生活安全とは、犯罪や事故、消費者被害など住民の日常生活をおびやかす危険から暮らしを守る取組の総称である。防犯や交通安全、消費生活などの分野にまたがって自治体が住民・警察等と連携して進める。

大きな災害でなくとも、空き巣や特殊詐欺、交通事故、悪質商法など、日々の暮らしには身近な危険が潜んでいる。生活安全は、こうした日常生活の危険から住民を守る取組の総称で、防犯や交通安全、消費者保護など、複数の分野にまたがる。

自治体には生活安全を担う部署が置かれ、防犯灯や防犯カメラの整備、青色防犯パトロール、特殊詐欺や悪質商法への注意喚起、消費生活センターでの相談対応、子どもや高齢者の見守りなどを進める。これらは行政だけでは完結せず、警察、学校、事業者、自治会・町内会、防犯ボランティアといった地域の担い手との連携が欠かせない。一つひとつは小さな取組だが、その積み重ねが、住民が安心して暮らせる地域をつくる。

生活安全が扱う身近な危険

生活安全という枠組みが対象とするのは、大規模災害のような非常事態よりも、日常に潜む身近な危険である。具体的には、空き巣や自転車盗などの街頭犯罪、子どもや女性を狙った声かけ・つきまとい、高齢者を標的とする特殊詐欺、交通事故、悪質商法や製品事故による消費者被害などが含まれる。これらは、防犯・交通安全・消費者保護といった別々の分野で語られてきたが、住民の安全・安心という共通の目的から、生活安全として束ねて捉えられるようになった。
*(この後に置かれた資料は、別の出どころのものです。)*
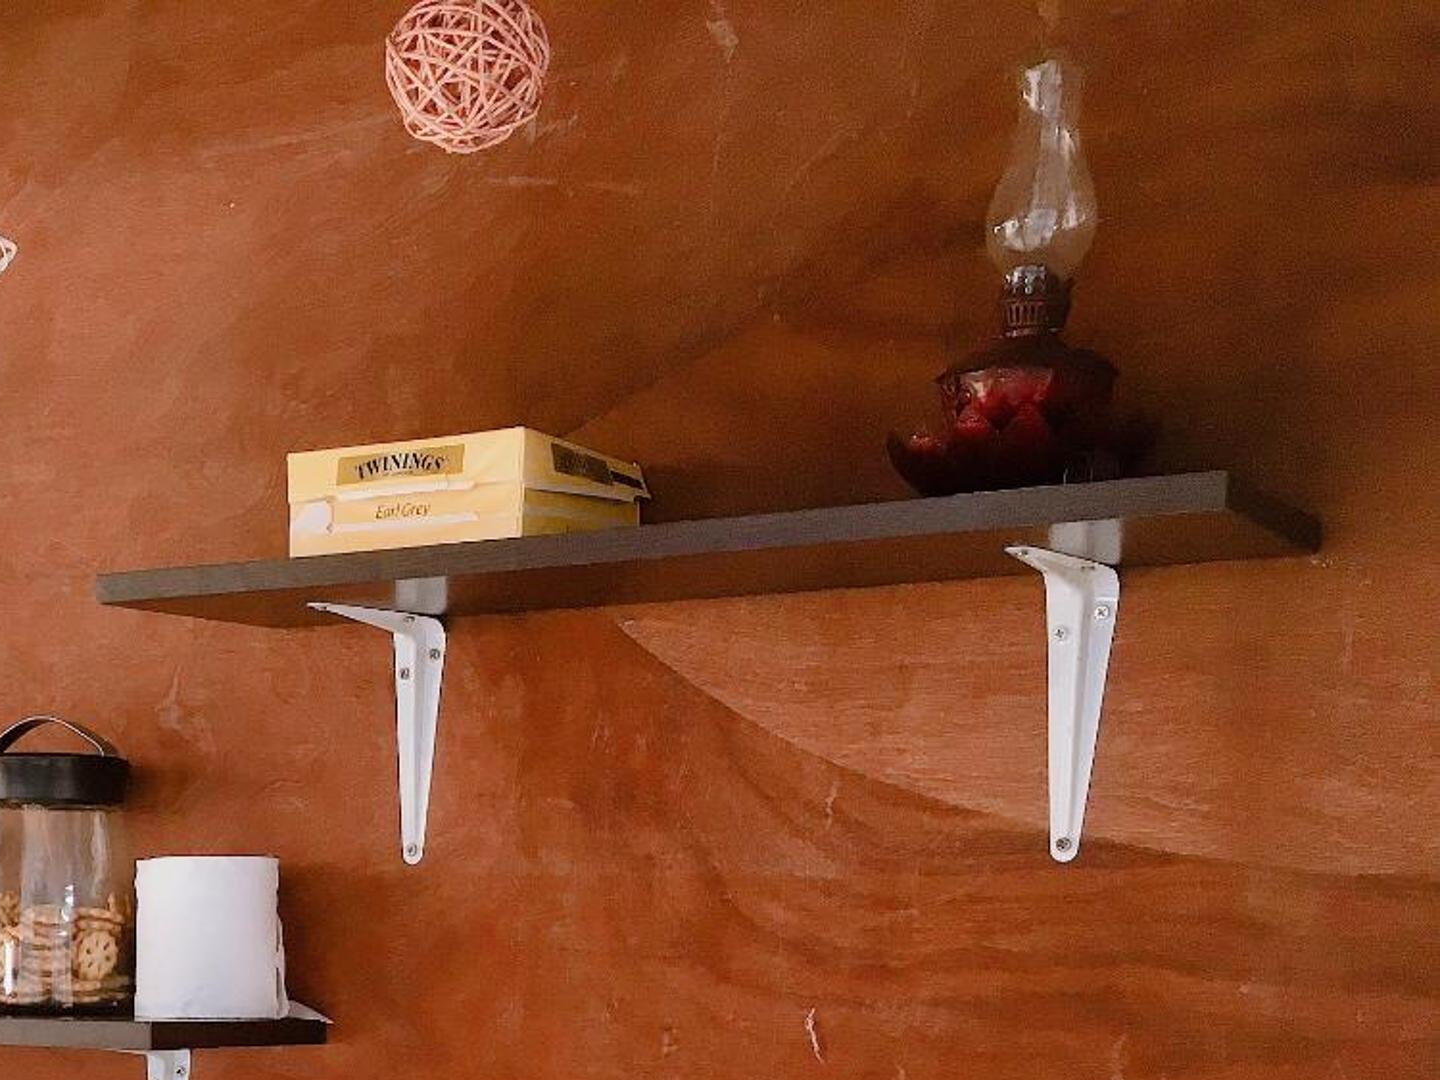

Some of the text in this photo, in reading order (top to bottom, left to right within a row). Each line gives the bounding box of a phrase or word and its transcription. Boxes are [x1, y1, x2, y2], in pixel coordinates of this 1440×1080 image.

[355, 453, 446, 480] TWININGS
[376, 503, 431, 519] Earl Grey
自治体では、これらを所管する生活安全の担当部署が、関係する施策を横断的に調整する役割を担う。

地域協働による安全・安心のまちづくり

生活安全の取組は、行政の力だけでは支えきれず、地域ぐるみの協働によって成り立つ。防犯では、防犯灯・防犯カメラの整備や、青色回転灯を付けた車両による防犯パトロール、地域安全マップづくりなどが、自治会・町内会や防犯ボランティアと協力して行われる。交通安全では、通学路の見守りや啓発活動が地域の担い手に支えられ、消費者保護では、消費生活センターが相談を受けて被害の回復や注意喚起を行う。警察、学校、事業者、住民組織がそれぞれの役割を持ち寄り、情報を共有しながら危険の芽を摘んでいく。こうした重層的な見守りの網の目をどれだけ細かく張れるかが、地域の安全・安心を左右する。